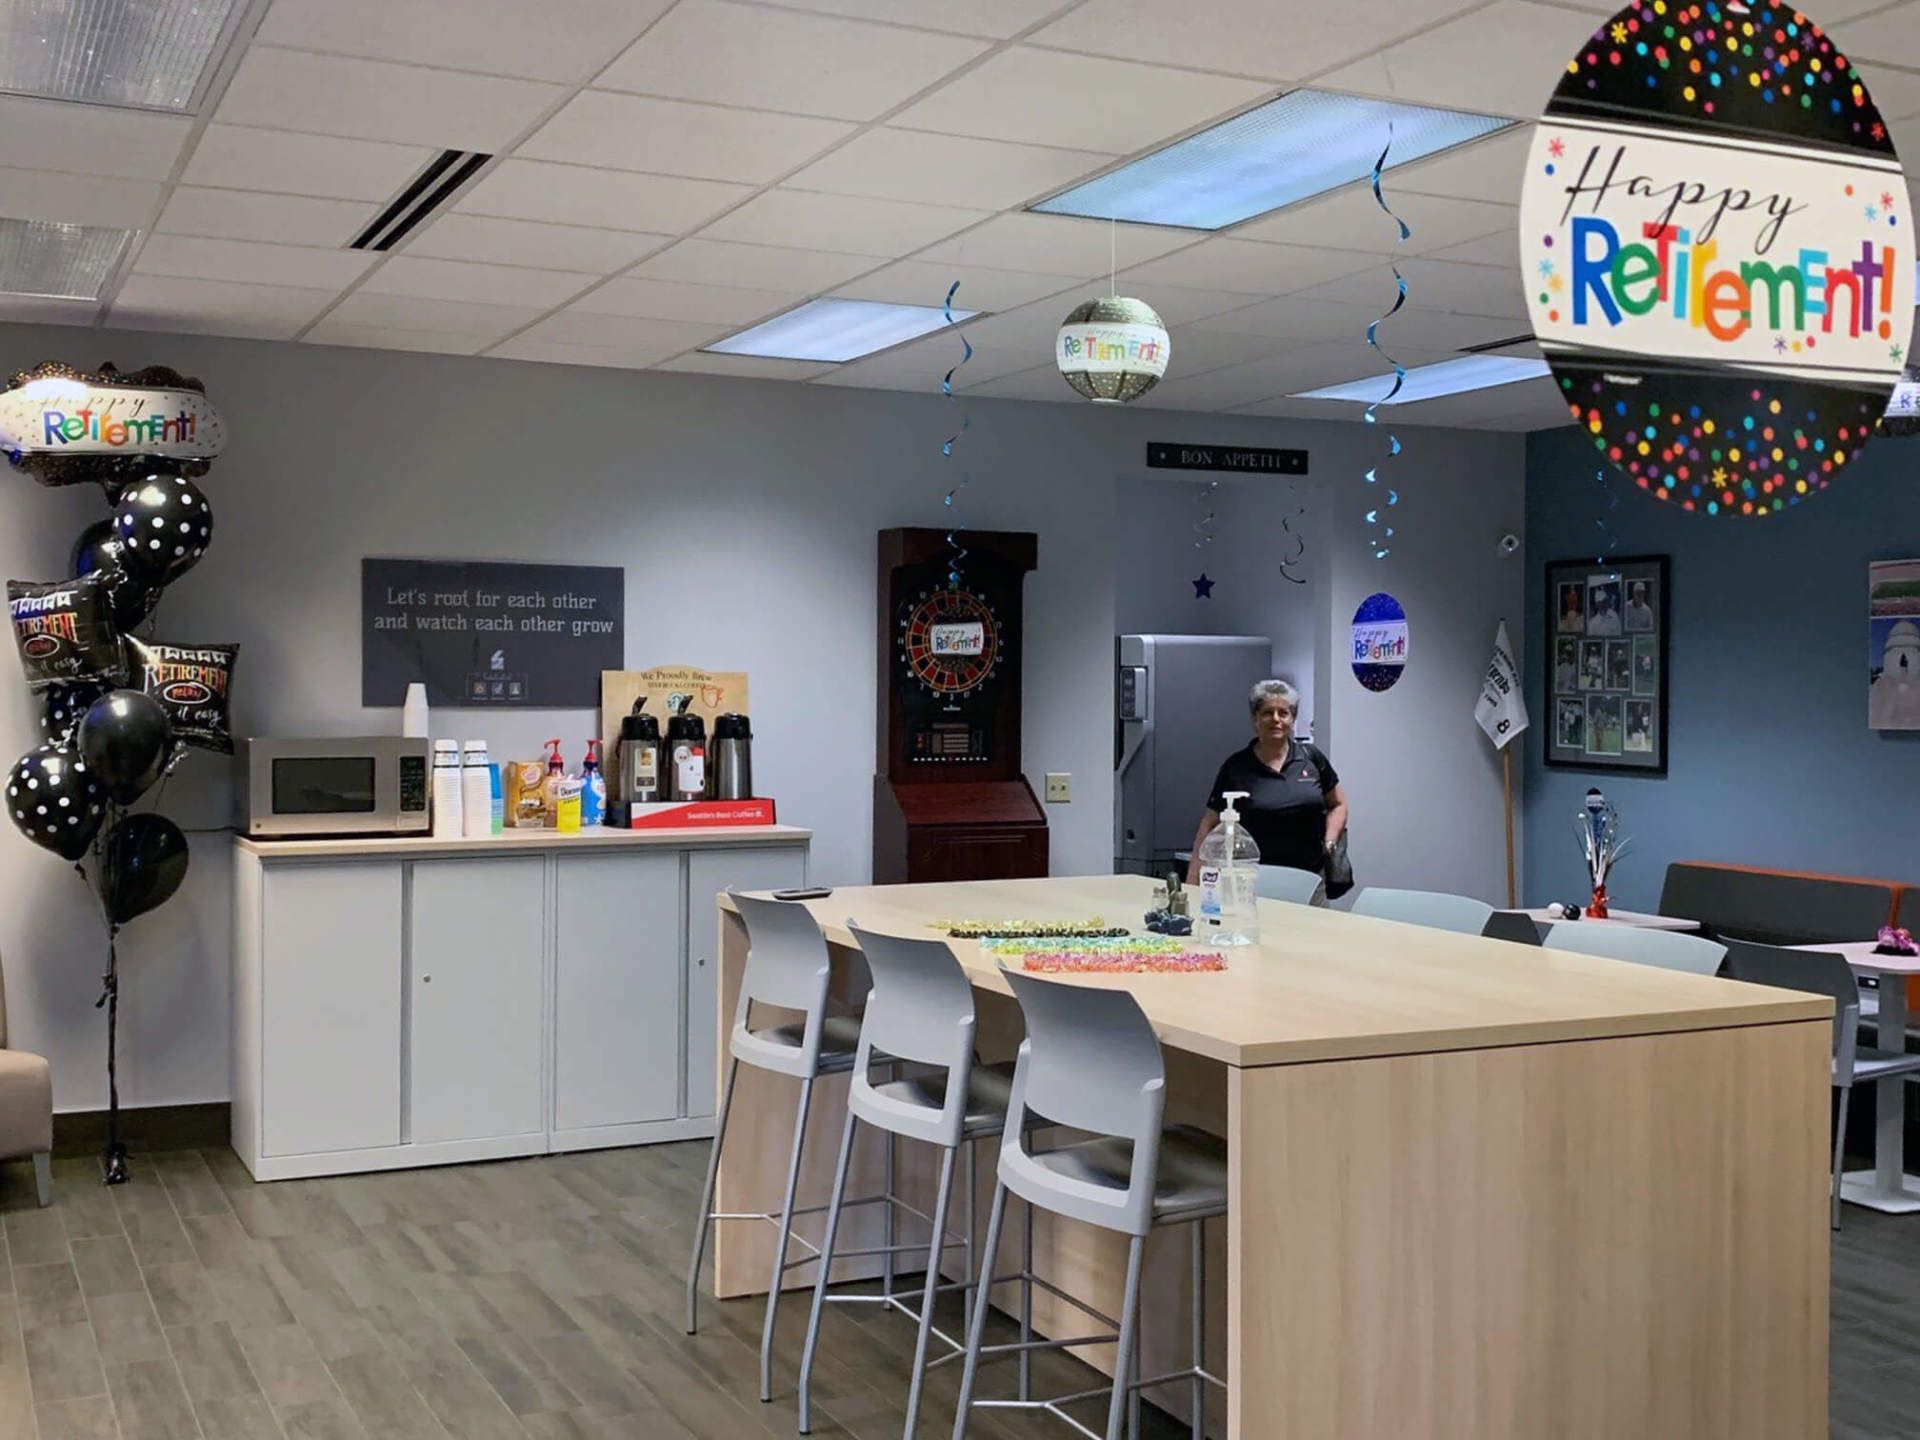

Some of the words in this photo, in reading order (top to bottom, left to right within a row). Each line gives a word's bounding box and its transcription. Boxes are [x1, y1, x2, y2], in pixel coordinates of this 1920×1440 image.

[1561, 146, 1808, 254] Happy
[1182, 450, 1213, 464] BON
[1223, 452, 1280, 469] APPETIT
[387, 586, 427, 605] Let's
[434, 590, 470, 607] root
[476, 590, 500, 607] for
[508, 591, 546, 608] each
[552, 592, 597, 609] other
[374, 612, 408, 629] and
[416, 613, 467, 630] watch
[475, 614, 514, 631] each
[521, 615, 565, 631] other
[572, 620, 614, 636] grow
[1496, 718, 1510, 734] 8
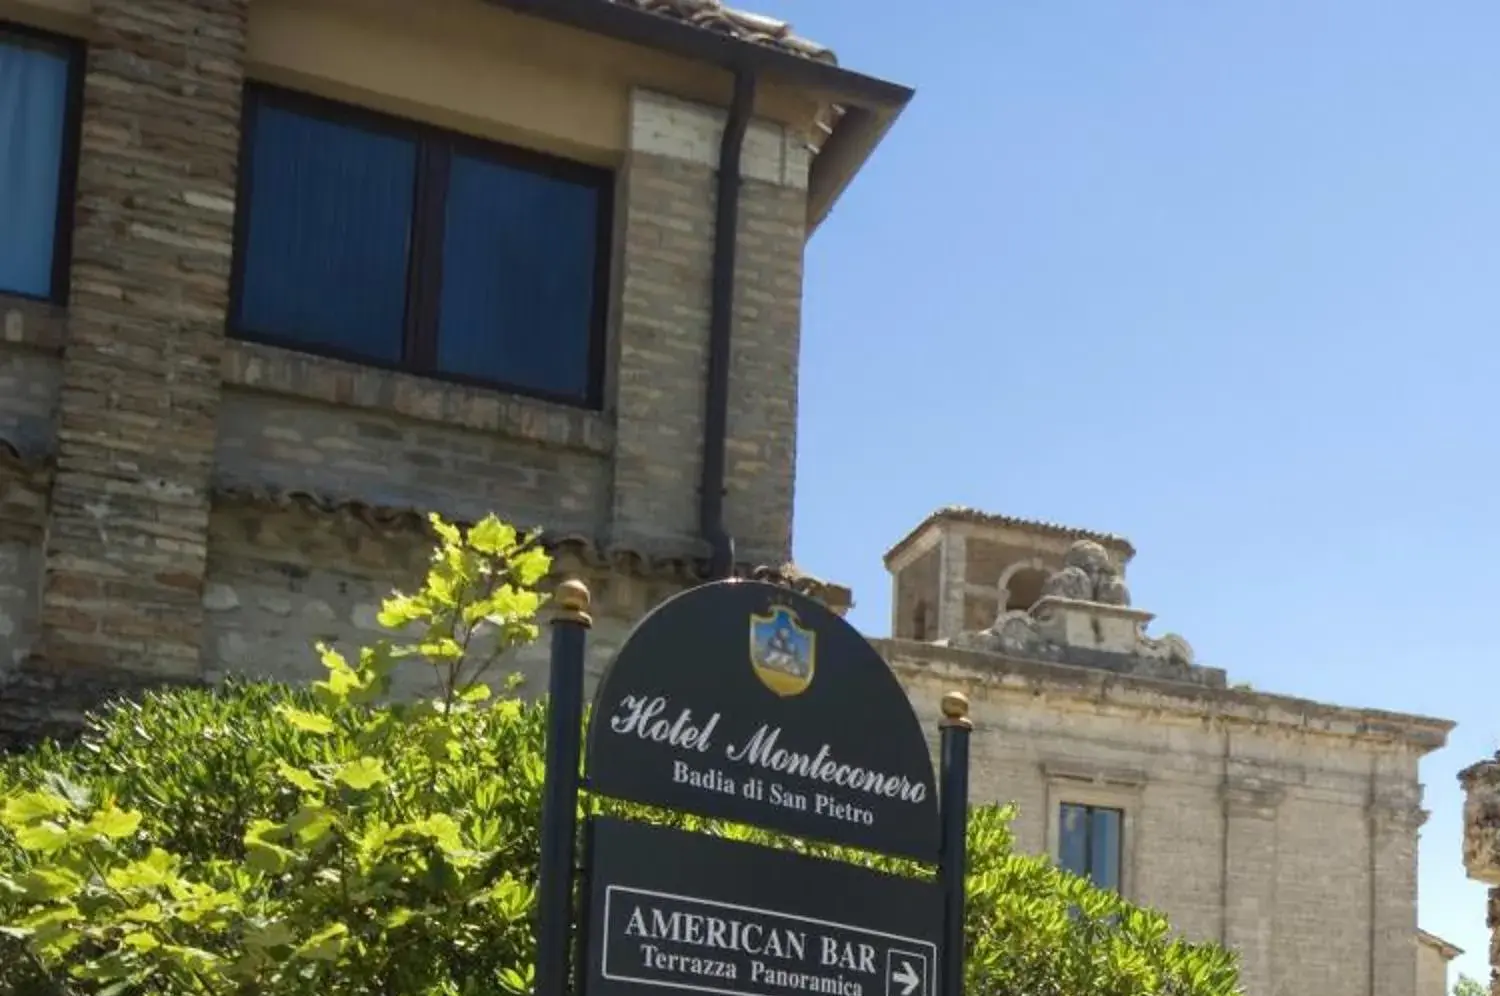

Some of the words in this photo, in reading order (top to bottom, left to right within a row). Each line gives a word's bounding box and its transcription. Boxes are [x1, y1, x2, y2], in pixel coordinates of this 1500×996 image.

§ Task objective:
Retype word for word all the material given above, and keep the pictures out.

§ Exercise response:
Some of the words in this photo, in reading order (top to bottom, left to right within a row). Each line gives a word's bounding box and its transcription. Boxes are [x1, y1, x2, y2], in pixel coordinates of this 1920×1440 image.

[1561, 146, 1808, 254] Happy
[1182, 450, 1213, 464] BON
[1223, 452, 1280, 469] APPETIT
[387, 586, 427, 605] Let's
[434, 590, 470, 607] root
[476, 590, 500, 607] for
[508, 591, 546, 608] each
[552, 592, 597, 609] other
[374, 612, 408, 629] and
[416, 613, 467, 630] watch
[475, 614, 514, 631] each
[521, 615, 565, 631] other
[572, 620, 614, 636] grow
[1496, 718, 1510, 734] 8

Some of the words in this photo, in reading order (top to bottom, left to right within a row). Each line gives a word's bounding box and its transcription. Boxes are [x1, y1, x2, y2], in pixel coordinates of this 1500×996 image.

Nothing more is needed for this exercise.